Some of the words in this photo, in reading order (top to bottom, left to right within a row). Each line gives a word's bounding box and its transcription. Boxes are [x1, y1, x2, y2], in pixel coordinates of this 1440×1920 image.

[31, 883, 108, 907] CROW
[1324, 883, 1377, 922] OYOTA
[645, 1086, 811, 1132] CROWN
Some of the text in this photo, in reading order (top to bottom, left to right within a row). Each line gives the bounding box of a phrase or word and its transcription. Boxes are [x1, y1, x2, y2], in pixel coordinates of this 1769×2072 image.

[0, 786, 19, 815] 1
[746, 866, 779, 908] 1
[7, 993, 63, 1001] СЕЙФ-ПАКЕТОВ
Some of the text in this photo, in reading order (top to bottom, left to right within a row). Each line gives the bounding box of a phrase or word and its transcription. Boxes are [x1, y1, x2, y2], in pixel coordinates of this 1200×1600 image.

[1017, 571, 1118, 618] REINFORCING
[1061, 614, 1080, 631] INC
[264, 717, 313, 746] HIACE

** PROBLEM STATEMENT **
Each record is to be transcribed exactly and in full.

** EXERCISE ANSWER **
Some of the words in this photo, in reading order (top to bottom, left to right within a row). Each line gives a word's bounding box and its transcription. Boxes are [x1, y1, x2, y2], in pixel coordinates of this 1440×1920 image.

[31, 883, 108, 907] CROW
[1324, 883, 1377, 922] OYOTA
[645, 1086, 811, 1132] CROWN
Some of the text in this photo, in reading order (top to bottom, left to right within a row). Each line gives the bounding box of a phrase or word and its transcription. Boxes are [x1, y1, x2, y2], in pixel coordinates of this 1769×2072 image.

[0, 786, 19, 815] 1
[746, 866, 779, 908] 1
[7, 993, 63, 1001] СЕЙФ-ПАКЕТОВ
Some of the text in this photo, in reading order (top to bottom, left to right within a row). Each line gives the bounding box of a phrase or word and its transcription. Boxes are [x1, y1, x2, y2], in pixel coordinates of this 1200×1600 image.

[1017, 571, 1118, 618] REINFORCING
[1061, 614, 1080, 631] INC
[264, 717, 313, 746] HIACE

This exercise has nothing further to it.